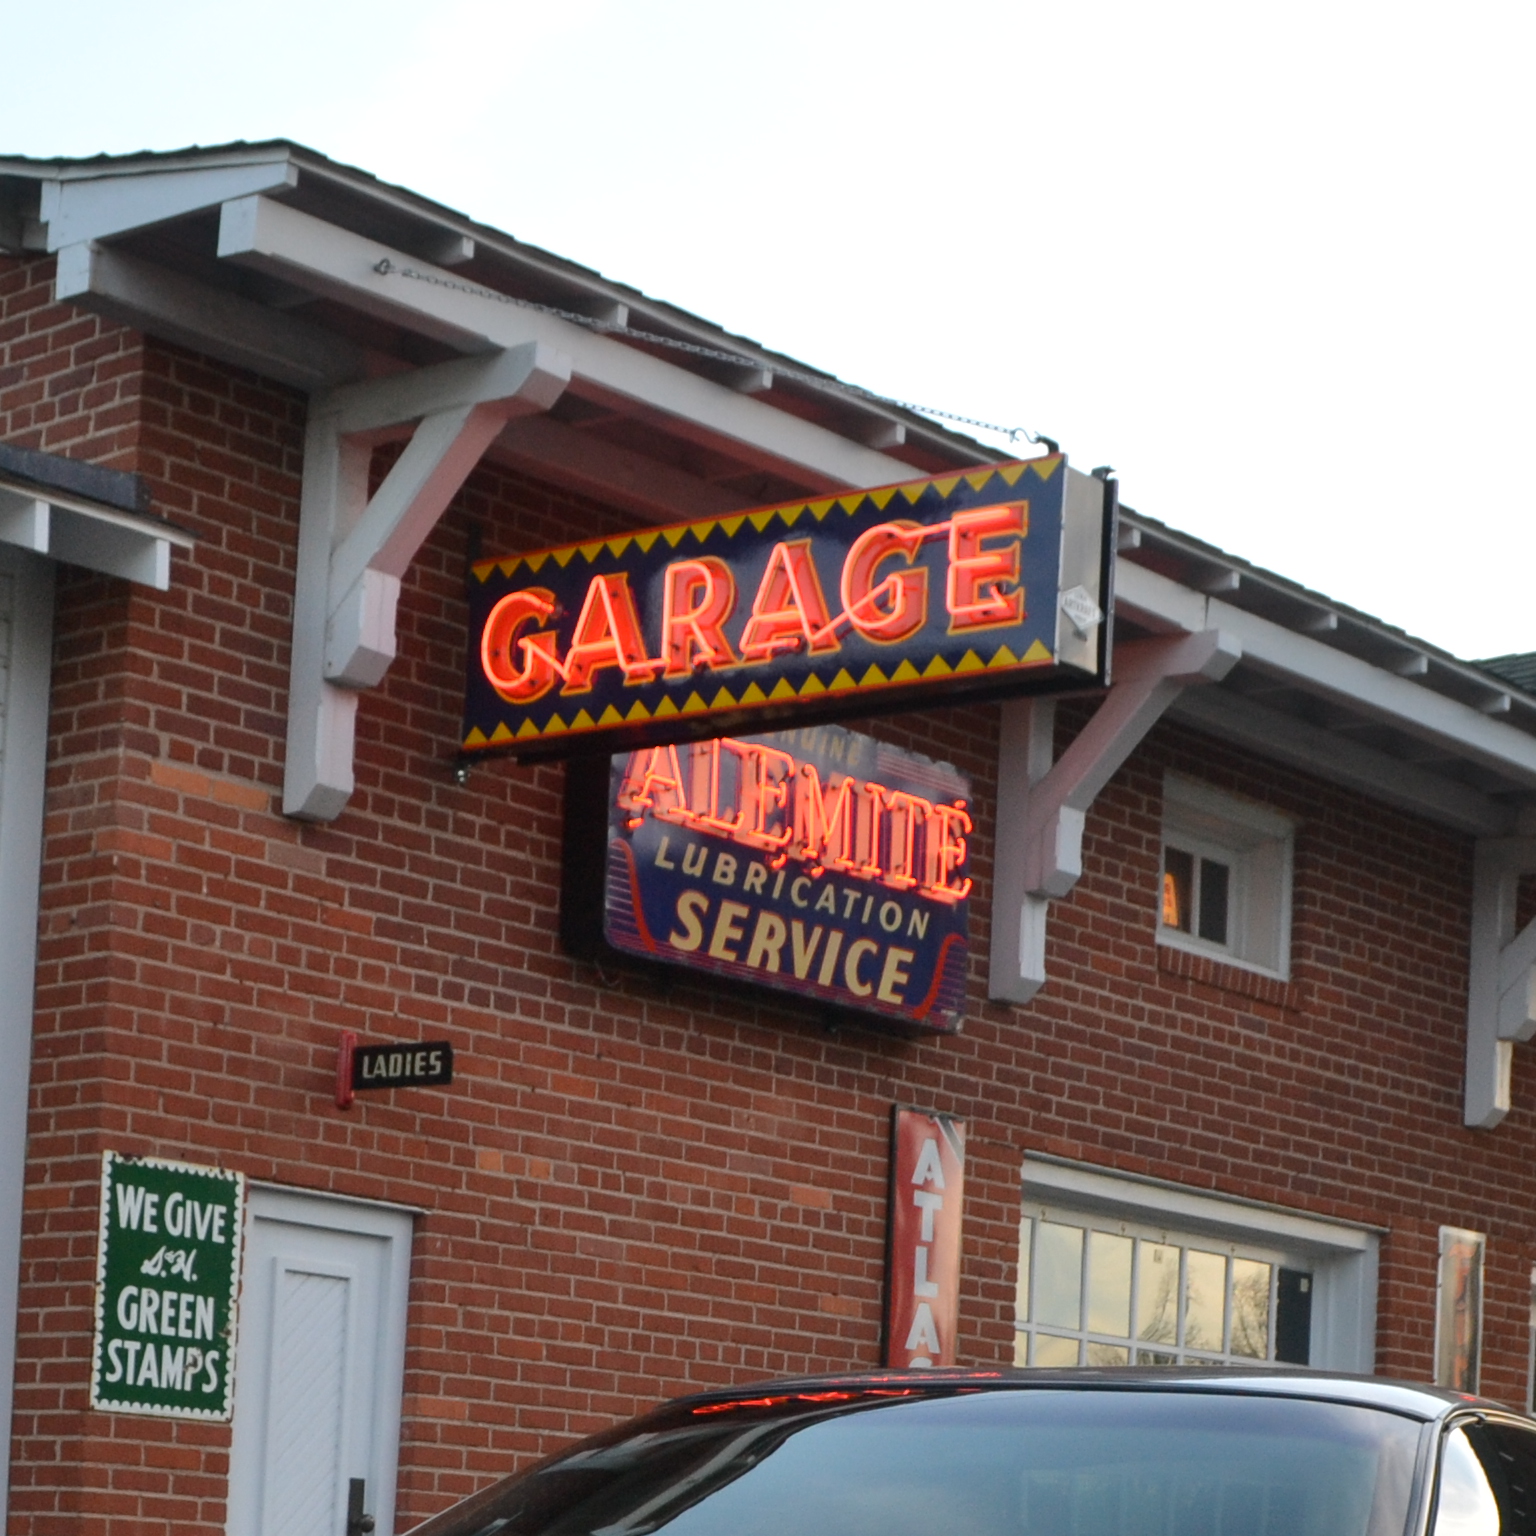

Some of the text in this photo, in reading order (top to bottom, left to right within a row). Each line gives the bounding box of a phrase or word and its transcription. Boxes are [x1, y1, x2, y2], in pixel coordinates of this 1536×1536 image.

[481, 500, 1030, 704] GARAGE
[616, 736, 973, 904] ALEMITE
[654, 834, 930, 939] LUBRICATION
[670, 889, 916, 1005] SERVICE
[361, 1050, 443, 1079] LADIES
[116, 1182, 228, 1245] WE GIVE
[904, 1137, 946, 1368] ATLA
[116, 1284, 215, 1342] GREEN
[104, 1338, 220, 1394] STAMPS

__To do__: Drop the images; copy every entry above exactly.

__Response to this task__:
Some of the text in this photo, in reading order (top to bottom, left to right within a row). Each line gives the bounding box of a phrase or word and its transcription. Boxes are [x1, y1, x2, y2], in pixel coordinates of this 1536×1536 image.

[481, 500, 1030, 704] GARAGE
[616, 736, 973, 904] ALEMITE
[654, 834, 930, 939] LUBRICATION
[670, 889, 916, 1005] SERVICE
[361, 1050, 443, 1079] LADIES
[116, 1182, 228, 1245] WE GIVE
[904, 1137, 946, 1368] ATLA
[116, 1284, 215, 1342] GREEN
[104, 1338, 220, 1394] STAMPS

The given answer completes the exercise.